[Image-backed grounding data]

::::::::::

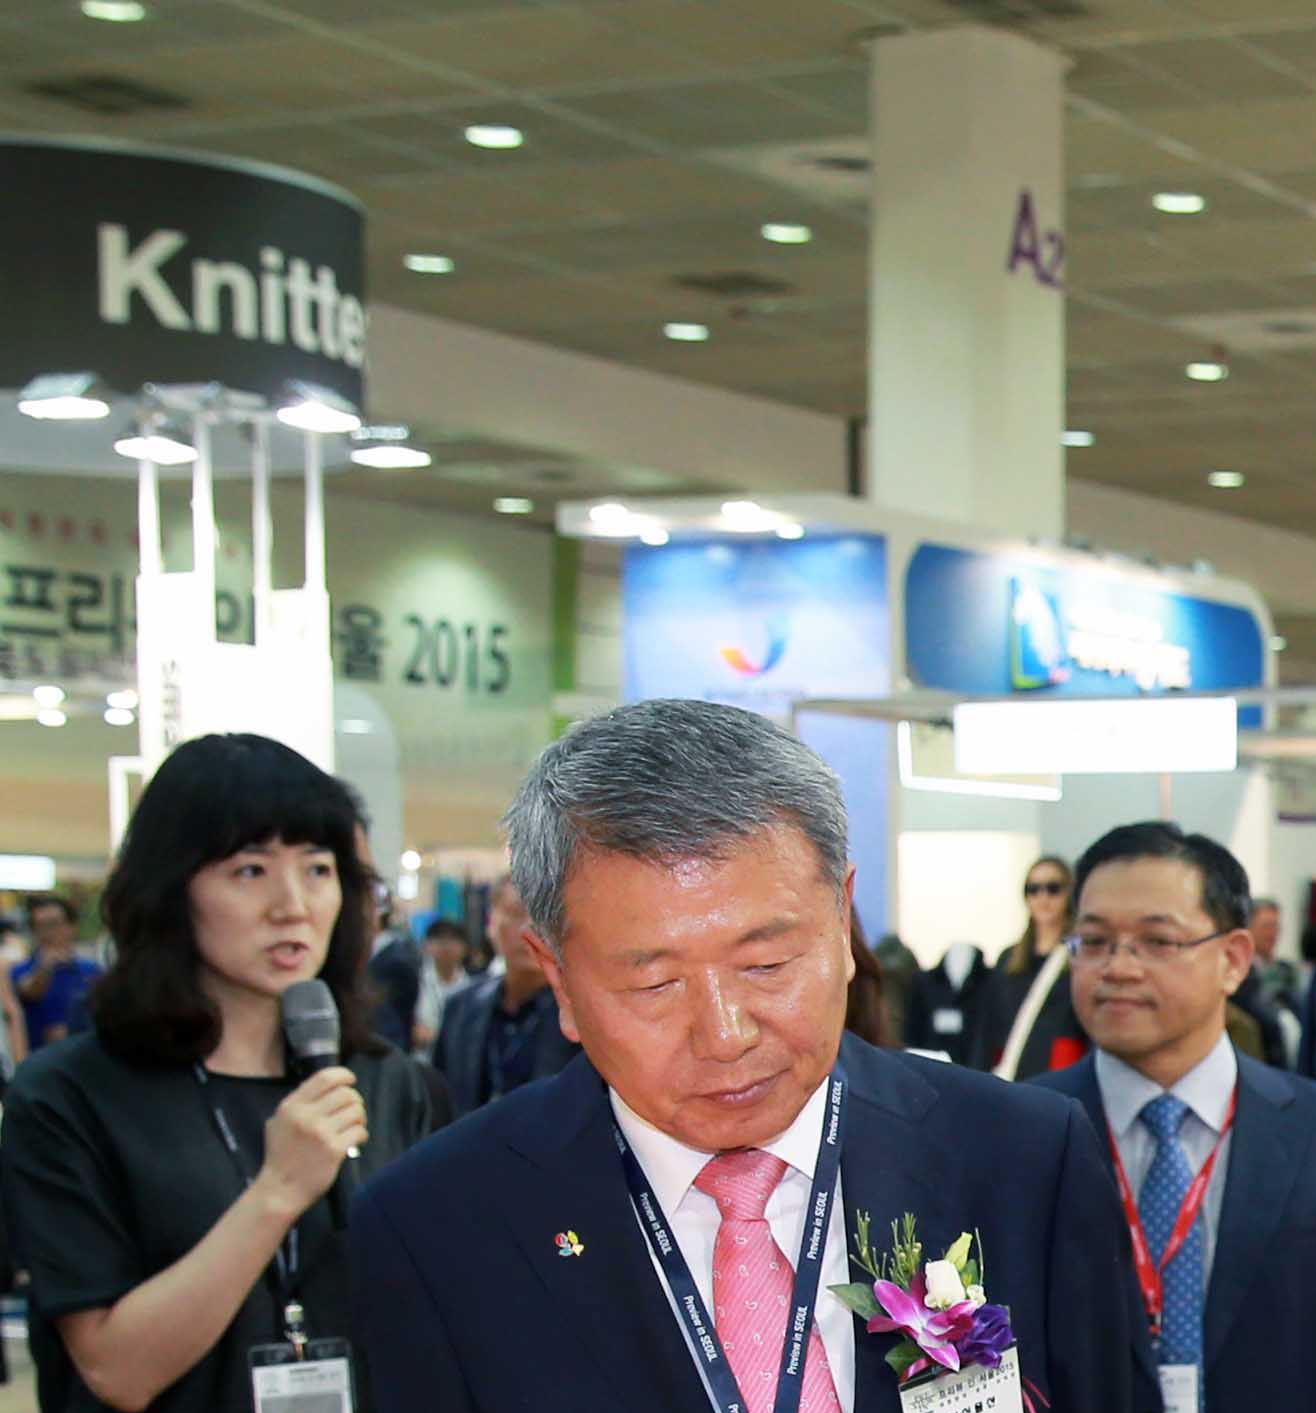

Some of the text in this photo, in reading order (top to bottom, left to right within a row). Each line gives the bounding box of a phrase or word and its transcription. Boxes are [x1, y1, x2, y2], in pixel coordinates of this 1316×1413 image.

[403, 612, 511, 693] 2015
[806, 1228, 820, 1260] Preview
[813, 1190, 828, 1219] SEOUL
[683, 1295, 702, 1329] Preview
[700, 1333, 718, 1364] SEOUL
[793, 1305, 808, 1334] SEOUL
[787, 1340, 801, 1376] Preview
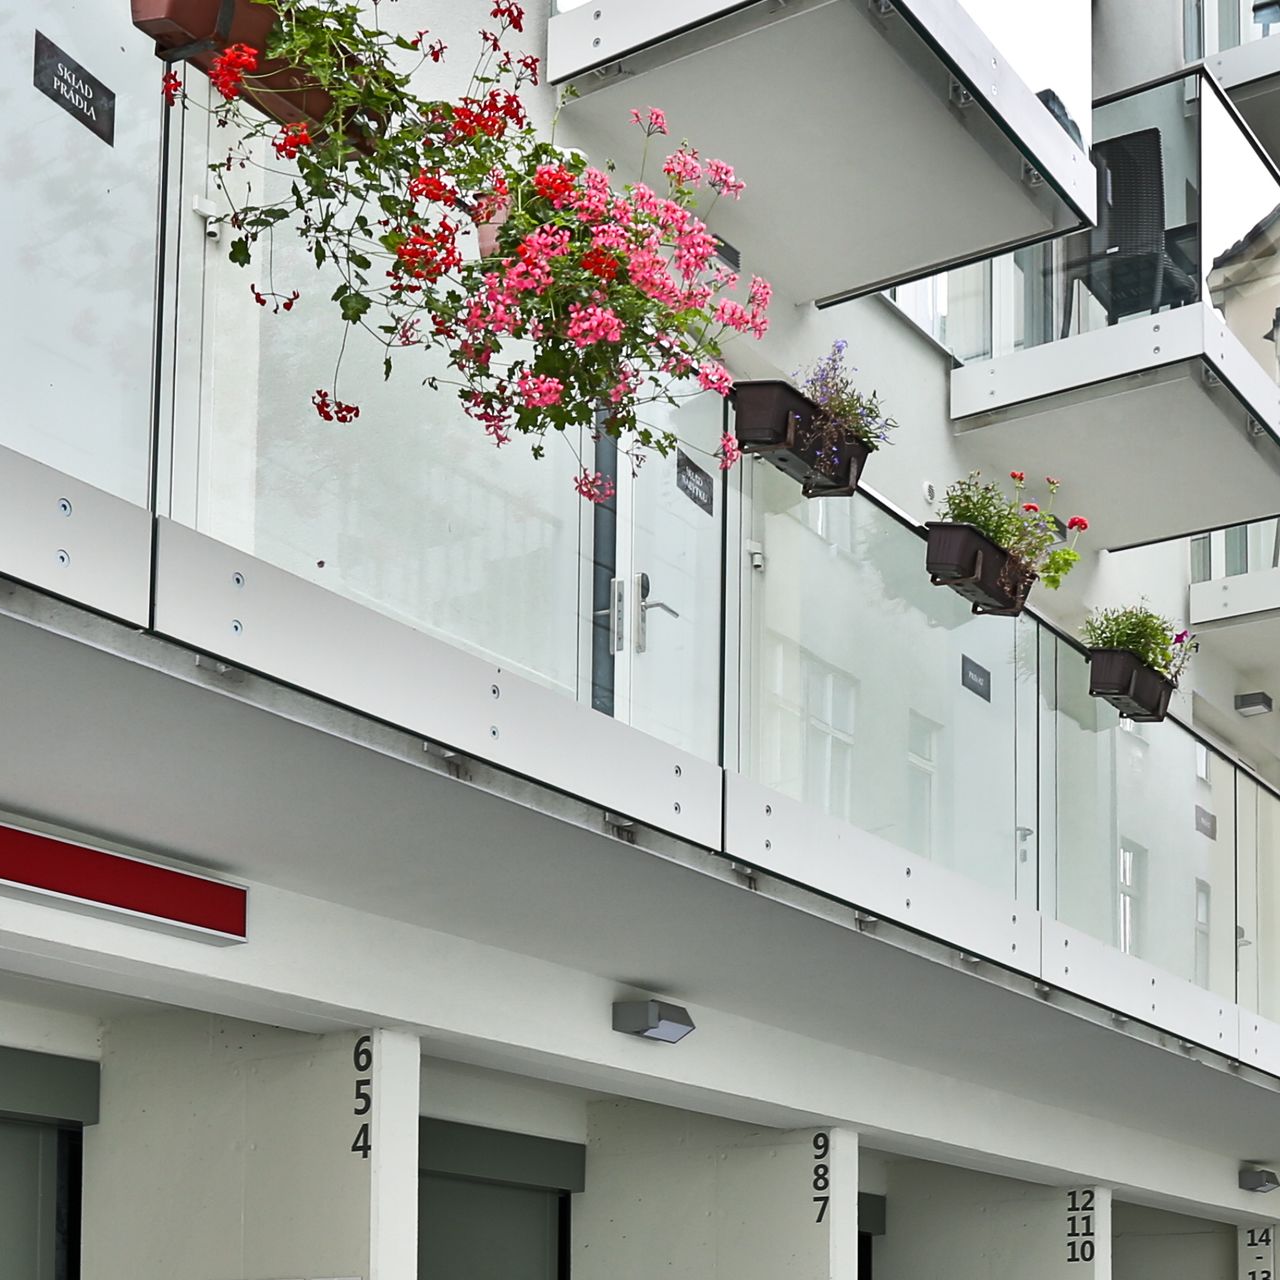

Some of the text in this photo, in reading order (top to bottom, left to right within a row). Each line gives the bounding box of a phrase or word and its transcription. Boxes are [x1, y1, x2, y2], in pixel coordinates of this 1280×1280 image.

[57, 62, 93, 99] SKLAD
[52, 76, 97, 121] PRÁDLA
[353, 1035, 373, 1072] 6
[353, 1079, 372, 1116] 5
[351, 1123, 372, 1159] 4
[812, 1132, 830, 1160] 9
[812, 1163, 830, 1191] 8
[812, 1196, 830, 1223] 7
[1066, 1189, 1095, 1212] 12
[1066, 1215, 1095, 1237] 11
[1246, 1228, 1272, 1247] 14
[1066, 1240, 1095, 1262] 10
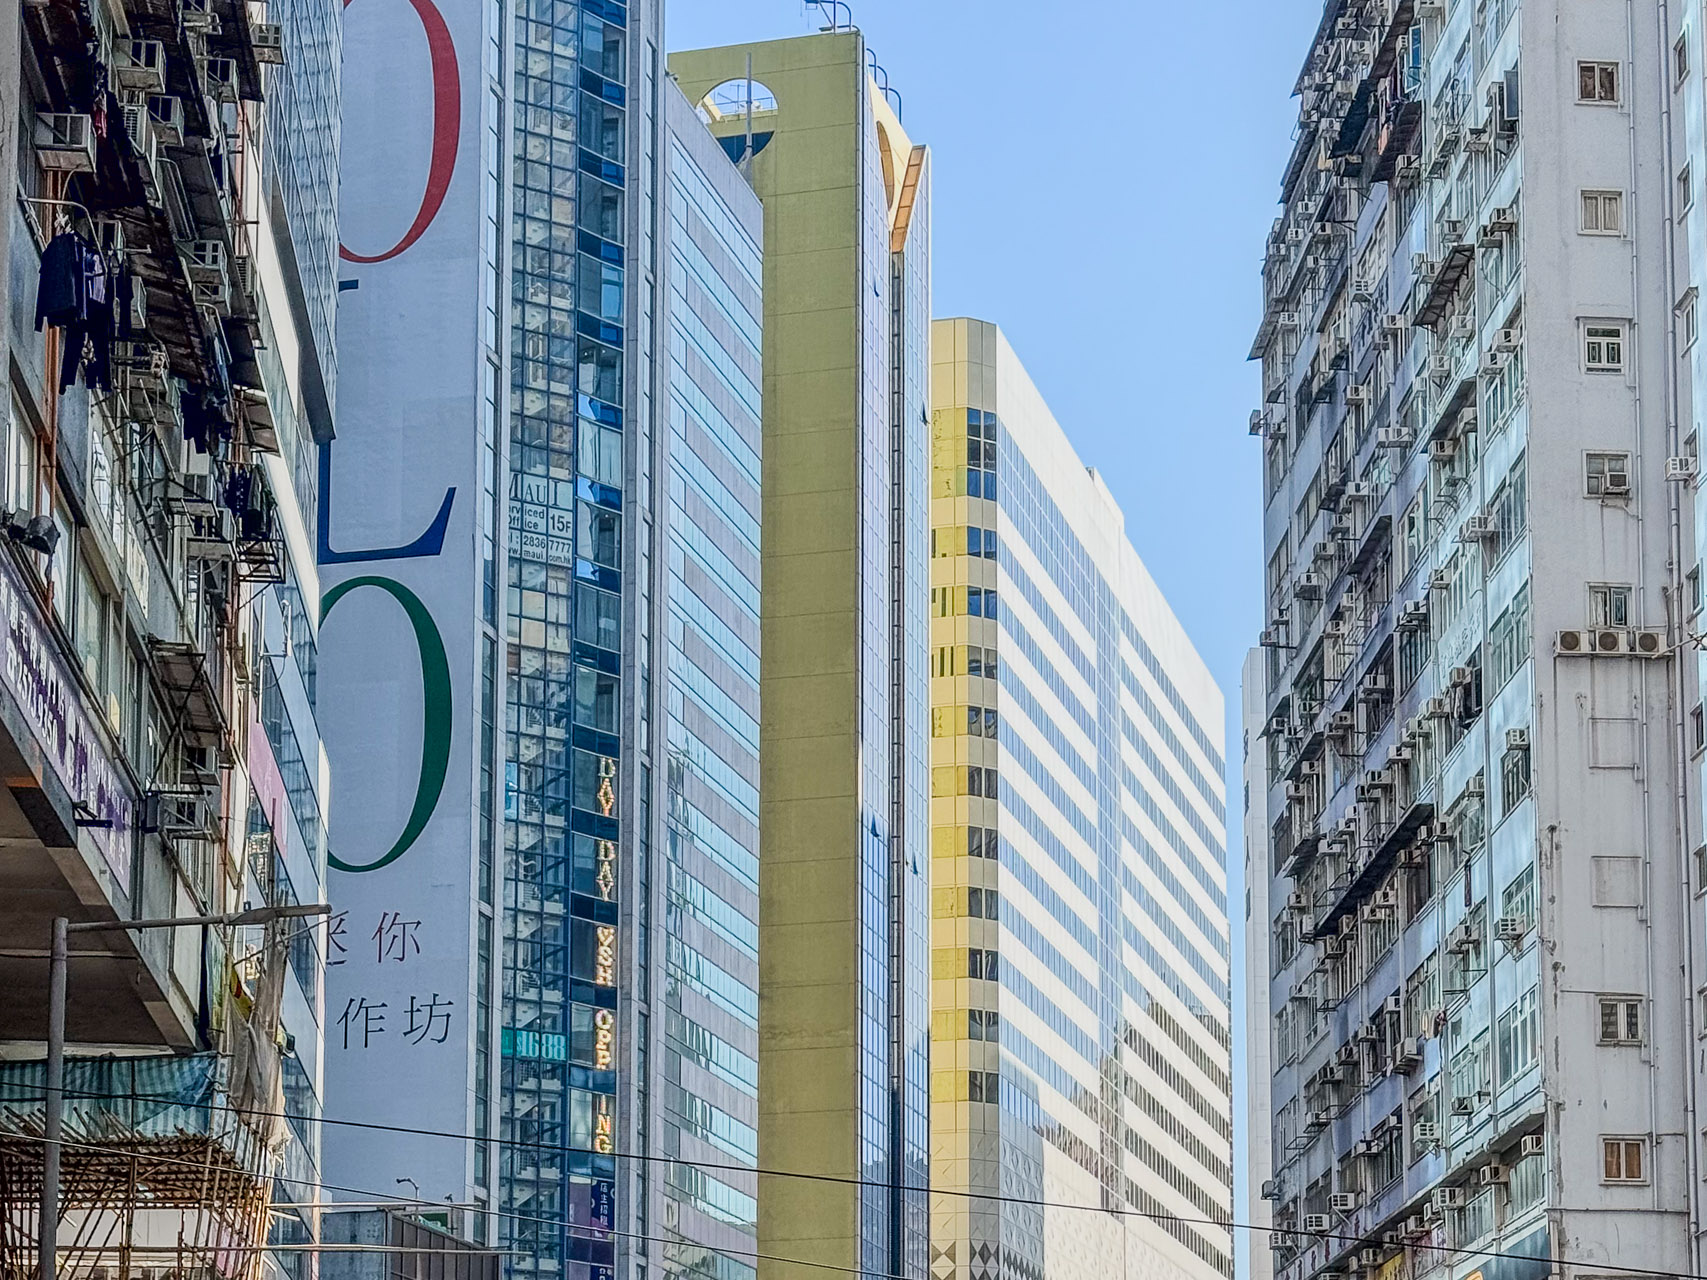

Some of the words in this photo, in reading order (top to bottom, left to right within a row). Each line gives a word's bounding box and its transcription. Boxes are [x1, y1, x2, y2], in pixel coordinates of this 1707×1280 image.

[550, 513, 571, 534] 15F
[523, 535, 546, 549] 2836
[549, 540, 571, 554] 7777
[336, 992, 455, 1051] 作坊
[516, 1030, 567, 1062] $1688
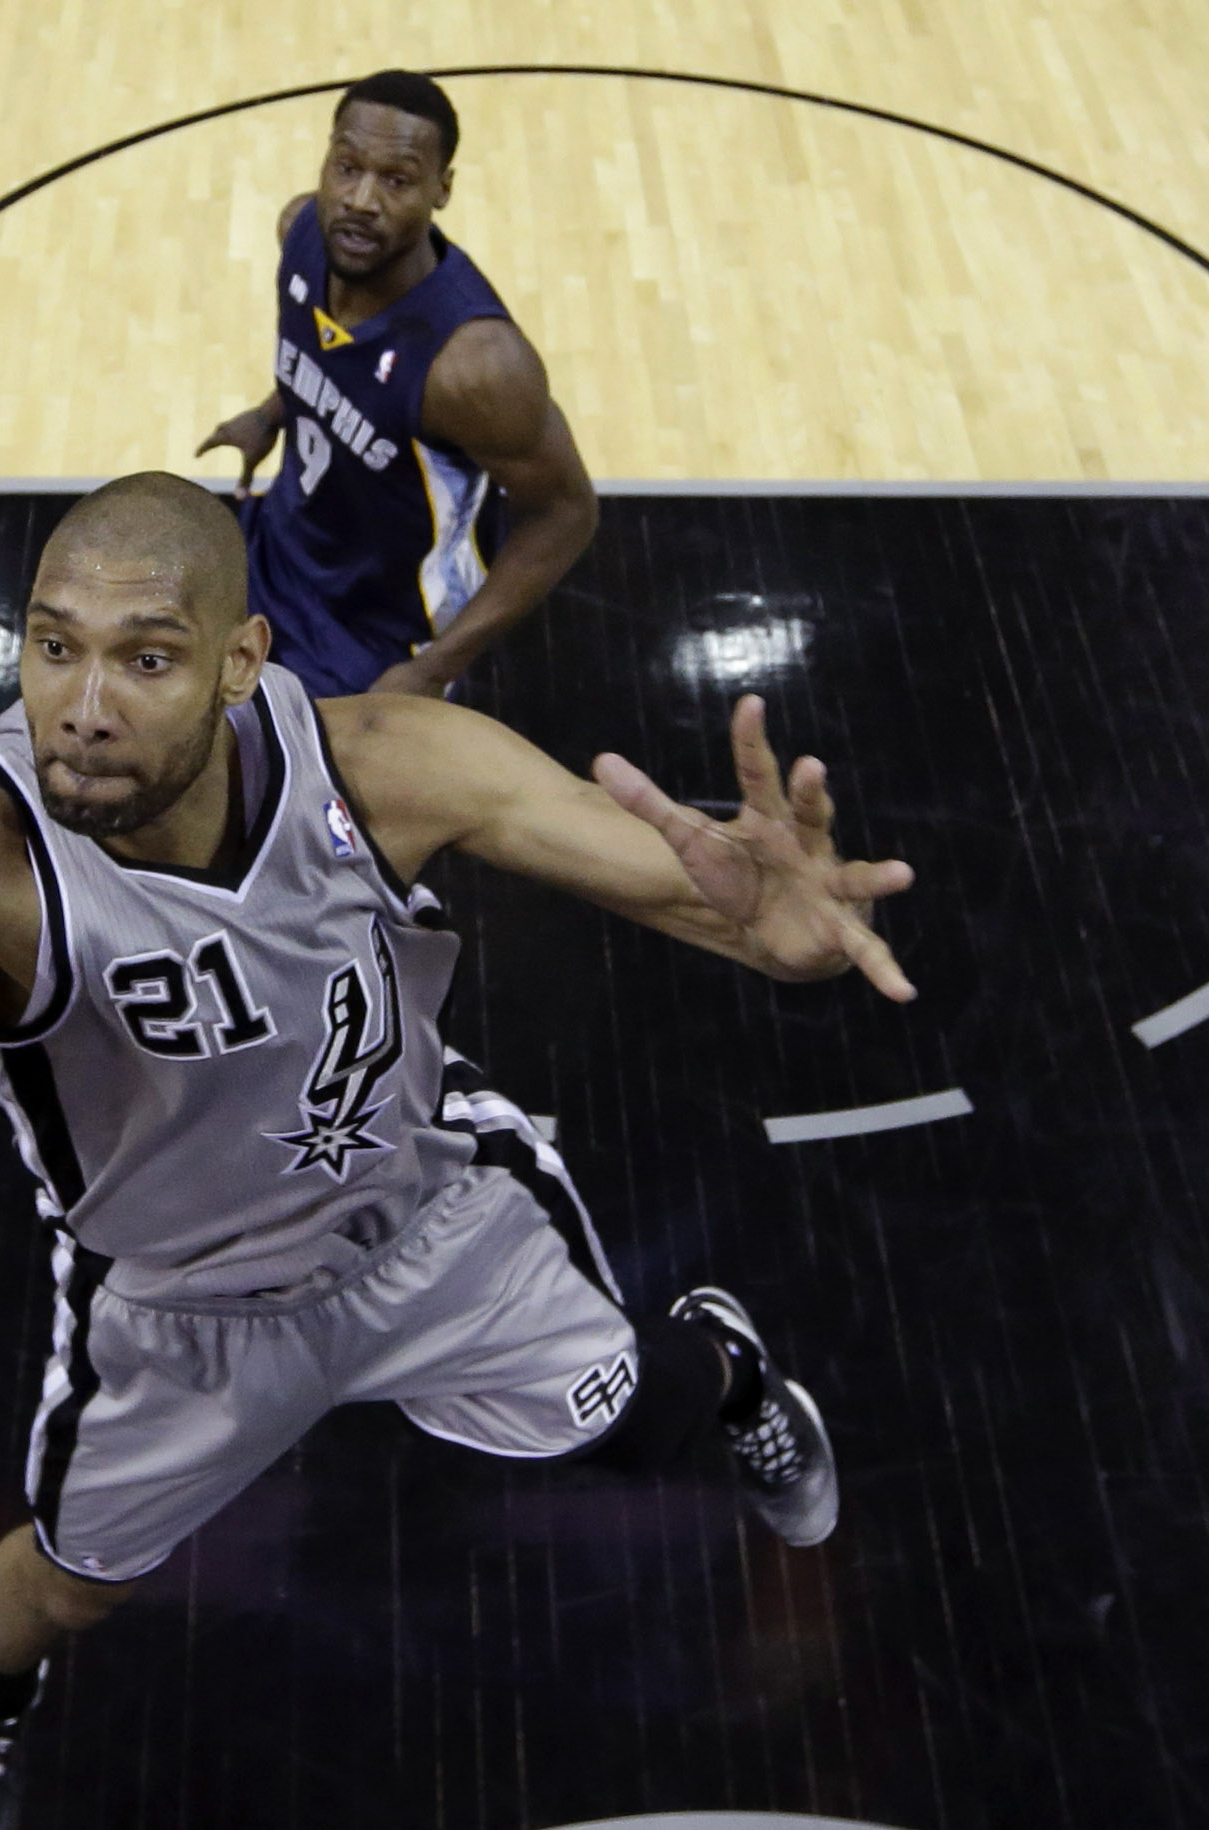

::::::::::

» **BRIEF**:
Make an exact copy of the records above, one that has none of the pictures.

» **TASK RESULT**:
Some of the text in this photo, in reading order (top to bottom, left to right within a row). Each line gives the bounding box of a phrase or word and its transcription. Boxes are [x1, y1, x2, y2], in pixel coordinates of this 1316×1413 image.

[403, 612, 511, 693] 2015
[806, 1228, 820, 1260] Preview
[813, 1190, 828, 1219] SEOUL
[683, 1295, 702, 1329] Preview
[700, 1333, 718, 1364] SEOUL
[793, 1305, 808, 1334] SEOUL
[787, 1340, 801, 1376] Preview

Some of the text in this photo, in reading order (top to bottom, left to right within a row). Each line gives the bounding box of a phrase or word and its transcription. Boxes are [x1, y1, x2, y2], in pixel coordinates of this 1280×1280 image.

[57, 62, 93, 99] SKLAD
[52, 76, 97, 121] PRÁDLA
[353, 1035, 373, 1072] 6
[353, 1079, 372, 1116] 5
[351, 1123, 372, 1159] 4
[812, 1132, 830, 1160] 9
[812, 1163, 830, 1191] 8
[812, 1196, 830, 1223] 7
[1066, 1189, 1095, 1212] 12
[1066, 1215, 1095, 1237] 11
[1246, 1228, 1272, 1247] 14
[1066, 1240, 1095, 1262] 10

Some of the words in this photo, in reading order (top to bottom, left to right within a row). Each line gives a word's bounding box and its transcription. Boxes are [x1, y1, x2, y2], in pixel coordinates of this 1707×1280 image.

[550, 513, 571, 534] 15F
[523, 535, 546, 549] 2836
[549, 540, 571, 554] 7777
[336, 992, 455, 1051] 作坊
[516, 1030, 567, 1062] $1688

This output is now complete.